══ Provided entries ══

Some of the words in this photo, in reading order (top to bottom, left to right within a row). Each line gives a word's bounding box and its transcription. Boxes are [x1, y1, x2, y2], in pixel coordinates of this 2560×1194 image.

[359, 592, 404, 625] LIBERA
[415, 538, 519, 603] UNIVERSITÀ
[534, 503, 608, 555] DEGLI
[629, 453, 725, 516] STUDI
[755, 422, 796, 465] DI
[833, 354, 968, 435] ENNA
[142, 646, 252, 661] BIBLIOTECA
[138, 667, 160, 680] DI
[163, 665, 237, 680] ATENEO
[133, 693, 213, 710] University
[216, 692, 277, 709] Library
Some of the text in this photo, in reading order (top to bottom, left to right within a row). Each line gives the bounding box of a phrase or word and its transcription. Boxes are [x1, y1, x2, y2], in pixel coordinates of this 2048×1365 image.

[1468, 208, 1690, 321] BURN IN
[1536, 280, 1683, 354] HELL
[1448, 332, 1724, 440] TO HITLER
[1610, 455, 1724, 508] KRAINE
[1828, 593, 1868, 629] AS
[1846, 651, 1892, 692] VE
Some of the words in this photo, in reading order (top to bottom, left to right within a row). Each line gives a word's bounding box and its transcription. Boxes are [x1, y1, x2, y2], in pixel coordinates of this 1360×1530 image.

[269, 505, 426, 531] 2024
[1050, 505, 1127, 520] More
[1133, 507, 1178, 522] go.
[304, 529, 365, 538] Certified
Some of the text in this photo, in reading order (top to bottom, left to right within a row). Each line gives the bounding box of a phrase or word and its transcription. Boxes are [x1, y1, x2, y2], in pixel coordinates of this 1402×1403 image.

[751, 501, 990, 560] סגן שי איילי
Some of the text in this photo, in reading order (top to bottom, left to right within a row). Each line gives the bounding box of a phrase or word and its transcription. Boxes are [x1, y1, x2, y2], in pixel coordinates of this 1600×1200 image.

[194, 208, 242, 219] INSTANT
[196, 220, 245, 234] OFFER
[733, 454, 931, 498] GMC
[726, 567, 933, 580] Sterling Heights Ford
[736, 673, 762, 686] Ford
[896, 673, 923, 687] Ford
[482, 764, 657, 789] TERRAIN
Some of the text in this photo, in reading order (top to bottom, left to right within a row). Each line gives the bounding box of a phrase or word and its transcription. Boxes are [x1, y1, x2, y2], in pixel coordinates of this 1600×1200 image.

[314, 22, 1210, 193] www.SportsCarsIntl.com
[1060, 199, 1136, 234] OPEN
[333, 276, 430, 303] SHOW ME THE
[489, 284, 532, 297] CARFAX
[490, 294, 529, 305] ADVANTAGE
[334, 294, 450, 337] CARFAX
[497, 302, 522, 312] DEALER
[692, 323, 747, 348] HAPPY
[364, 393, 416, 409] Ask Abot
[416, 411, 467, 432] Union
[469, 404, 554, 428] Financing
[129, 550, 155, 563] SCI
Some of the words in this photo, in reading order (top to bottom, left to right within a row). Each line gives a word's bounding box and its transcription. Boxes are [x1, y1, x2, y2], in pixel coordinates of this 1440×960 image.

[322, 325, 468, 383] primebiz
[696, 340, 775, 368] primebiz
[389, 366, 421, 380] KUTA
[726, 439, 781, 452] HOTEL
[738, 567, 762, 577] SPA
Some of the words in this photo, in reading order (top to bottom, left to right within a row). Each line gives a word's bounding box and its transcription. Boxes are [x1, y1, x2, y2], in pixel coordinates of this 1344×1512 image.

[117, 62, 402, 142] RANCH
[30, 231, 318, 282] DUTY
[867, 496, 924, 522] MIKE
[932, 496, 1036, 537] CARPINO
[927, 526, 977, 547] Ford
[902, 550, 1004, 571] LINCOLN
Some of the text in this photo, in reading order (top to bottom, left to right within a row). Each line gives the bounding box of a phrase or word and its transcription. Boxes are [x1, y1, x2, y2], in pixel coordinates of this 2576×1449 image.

═══

* Prompt: Give back every entry above, complete and exact.

* Task answer:
Some of the words in this photo, in reading order (top to bottom, left to right within a row). Each line gives a word's bounding box and its transcription. Boxes are [x1, y1, x2, y2], in pixel coordinates of this 2560×1194 image.

[359, 592, 404, 625] LIBERA
[415, 538, 519, 603] UNIVERSITÀ
[534, 503, 608, 555] DEGLI
[629, 453, 725, 516] STUDI
[755, 422, 796, 465] DI
[833, 354, 968, 435] ENNA
[142, 646, 252, 661] BIBLIOTECA
[138, 667, 160, 680] DI
[163, 665, 237, 680] ATENEO
[133, 693, 213, 710] University
[216, 692, 277, 709] Library
Some of the text in this photo, in reading order (top to bottom, left to right within a row). Each line gives the bounding box of a phrase or word and its transcription. Boxes are [x1, y1, x2, y2], in pixel coordinates of this 2048×1365 image.

[1468, 208, 1690, 321] BURN IN
[1536, 280, 1683, 354] HELL
[1448, 332, 1724, 440] TO HITLER
[1610, 455, 1724, 508] KRAINE
[1828, 593, 1868, 629] AS
[1846, 651, 1892, 692] VE
Some of the words in this photo, in reading order (top to bottom, left to right within a row). Each line gives a word's bounding box and its transcription. Boxes are [x1, y1, x2, y2], in pixel coordinates of this 1360×1530 image.

[269, 505, 426, 531] 2024
[1050, 505, 1127, 520] More
[1133, 507, 1178, 522] go.
[304, 529, 365, 538] Certified
Some of the text in this photo, in reading order (top to bottom, left to right within a row). Each line gives the bounding box of a phrase or word and its transcription. Boxes are [x1, y1, x2, y2], in pixel coordinates of this 1402×1403 image.

[751, 501, 990, 560] סגן שי איילי
Some of the text in this photo, in reading order (top to bottom, left to right within a row). Each line gives the bounding box of a phrase or word and its transcription. Boxes are [x1, y1, x2, y2], in pixel coordinates of this 1600×1200 image.

[194, 208, 242, 219] INSTANT
[196, 220, 245, 234] OFFER
[733, 454, 931, 498] GMC
[726, 567, 933, 580] Sterling Heights Ford
[736, 673, 762, 686] Ford
[896, 673, 923, 687] Ford
[482, 764, 657, 789] TERRAIN
Some of the text in this photo, in reading order (top to bottom, left to right within a row). Each line gives the bounding box of a phrase or word and its transcription. Boxes are [x1, y1, x2, y2], in pixel coordinates of this 1600×1200 image.

[314, 22, 1210, 193] www.SportsCarsIntl.com
[1060, 199, 1136, 234] OPEN
[333, 276, 430, 303] SHOW ME THE
[489, 284, 532, 297] CARFAX
[490, 294, 529, 305] ADVANTAGE
[334, 294, 450, 337] CARFAX
[497, 302, 522, 312] DEALER
[692, 323, 747, 348] HAPPY
[364, 393, 416, 409] Ask Abot
[416, 411, 467, 432] Union
[469, 404, 554, 428] Financing
[129, 550, 155, 563] SCI
Some of the words in this photo, in reading order (top to bottom, left to right within a row). Each line gives a word's bounding box and its transcription. Boxes are [x1, y1, x2, y2], in pixel coordinates of this 1440×960 image.

[322, 325, 468, 383] primebiz
[696, 340, 775, 368] primebiz
[389, 366, 421, 380] KUTA
[726, 439, 781, 452] HOTEL
[738, 567, 762, 577] SPA
Some of the words in this photo, in reading order (top to bottom, left to right within a row). Each line gives a word's bounding box and its transcription. Boxes are [x1, y1, x2, y2], in pixel coordinates of this 1344×1512 image.

[117, 62, 402, 142] RANCH
[30, 231, 318, 282] DUTY
[867, 496, 924, 522] MIKE
[932, 496, 1036, 537] CARPINO
[927, 526, 977, 547] Ford
[902, 550, 1004, 571] LINCOLN
Some of the text in this photo, in reading order (top to bottom, left to right within a row). Each line gives the bounding box of a phrase or word and its transcription. Boxes are [x1, y1, x2, y2], in pixel coordinates of this 2576×1449 image.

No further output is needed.